◆ The task:
Using the data that follows, return exactly the lines from the one that contains "Some of the text" through the one that contains "this 1280×1280 image.", ends included.

Supplied records START

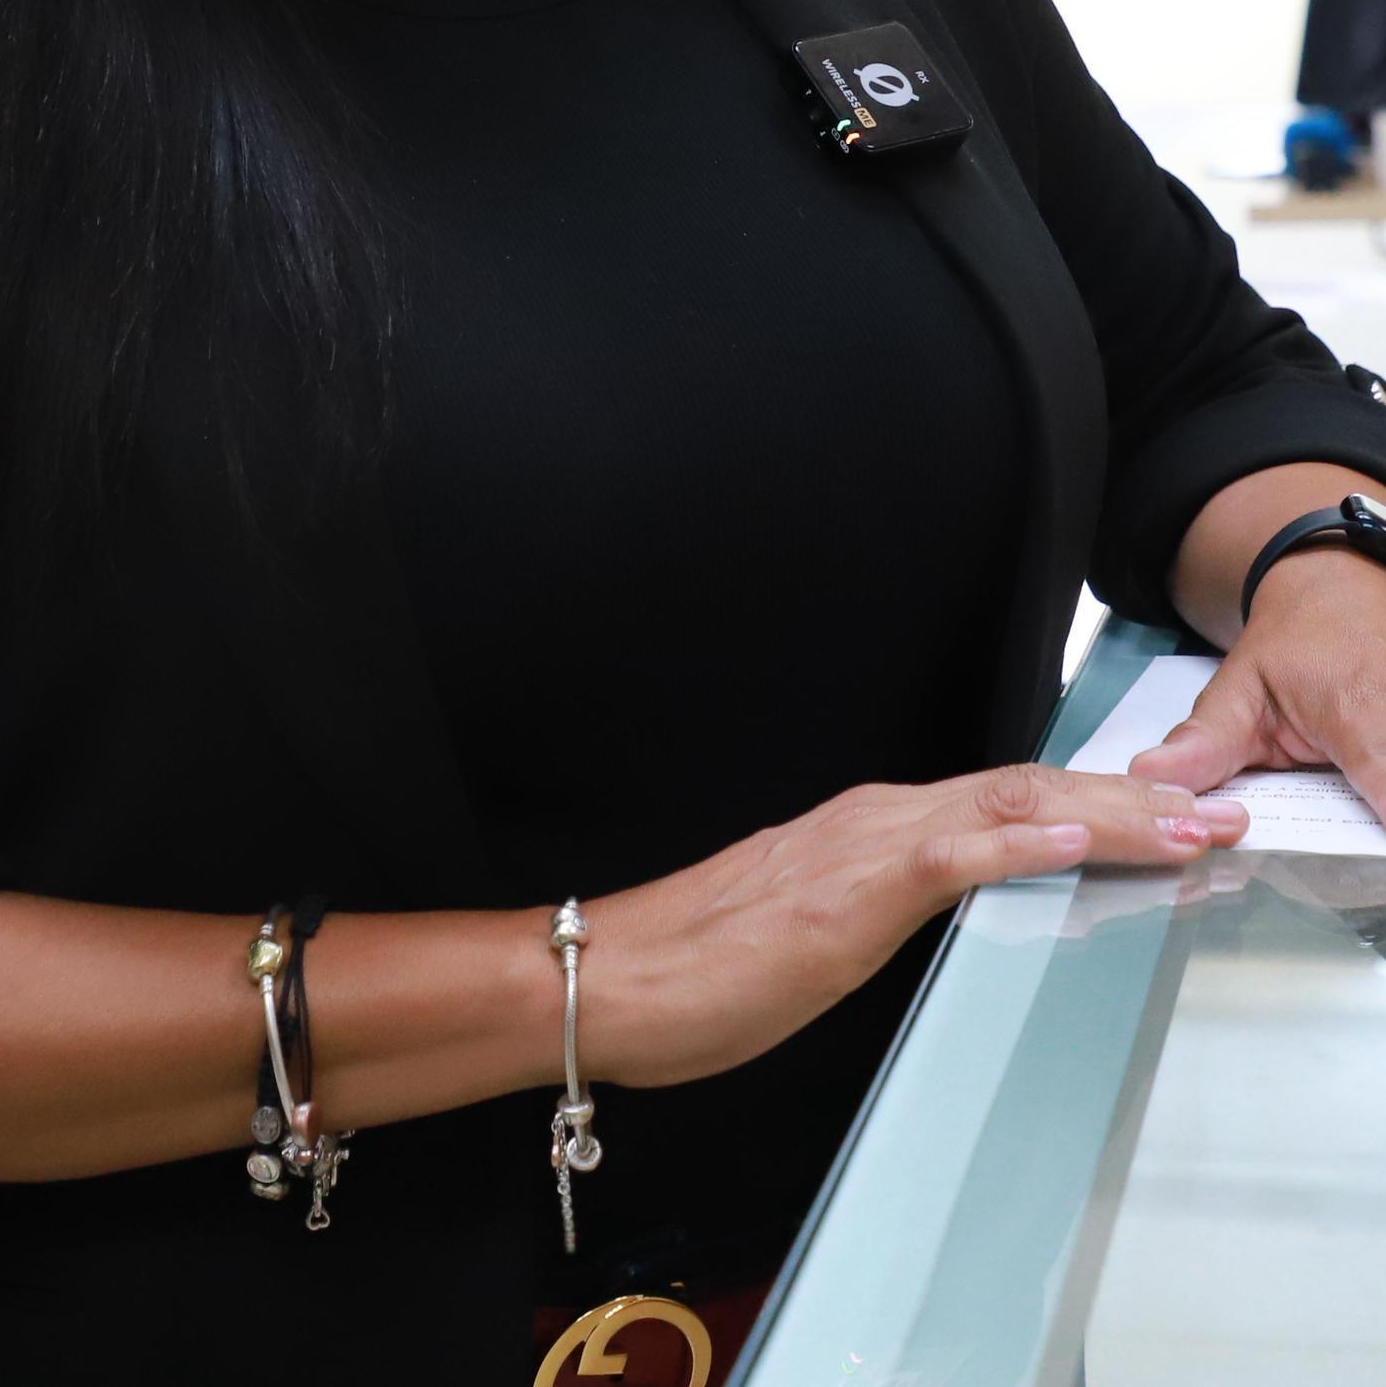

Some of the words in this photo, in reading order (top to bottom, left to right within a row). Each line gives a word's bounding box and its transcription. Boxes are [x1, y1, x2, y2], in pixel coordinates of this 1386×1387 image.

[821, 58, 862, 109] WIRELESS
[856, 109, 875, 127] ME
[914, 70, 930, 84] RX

Supplied records END
Supplied records START

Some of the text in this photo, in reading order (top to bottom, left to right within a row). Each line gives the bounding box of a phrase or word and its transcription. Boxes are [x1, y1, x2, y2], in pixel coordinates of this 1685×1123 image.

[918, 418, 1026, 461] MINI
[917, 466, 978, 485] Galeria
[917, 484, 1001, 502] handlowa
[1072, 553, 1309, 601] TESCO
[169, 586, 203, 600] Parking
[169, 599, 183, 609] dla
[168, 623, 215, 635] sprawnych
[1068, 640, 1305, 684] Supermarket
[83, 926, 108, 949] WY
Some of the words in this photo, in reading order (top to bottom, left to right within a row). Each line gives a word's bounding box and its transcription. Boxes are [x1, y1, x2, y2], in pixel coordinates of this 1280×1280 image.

Supplied records END

◆ Result of the task:
Some of the text in this photo, in reading order (top to bottom, left to right within a row). Each line gives the bounding box of a phrase or word and its transcription. Boxes are [x1, y1, x2, y2], in pixel coordinates of this 1685×1123 image.

[918, 418, 1026, 461] MINI
[917, 466, 978, 485] Galeria
[917, 484, 1001, 502] handlowa
[1072, 553, 1309, 601] TESCO
[169, 586, 203, 600] Parking
[169, 599, 183, 609] dla
[168, 623, 215, 635] sprawnych
[1068, 640, 1305, 684] Supermarket
[83, 926, 108, 949] WY
Some of the words in this photo, in reading order (top to bottom, left to right within a row). Each line gives a word's bounding box and its transcription. Boxes are [x1, y1, x2, y2], in pixel coordinates of this 1280×1280 image.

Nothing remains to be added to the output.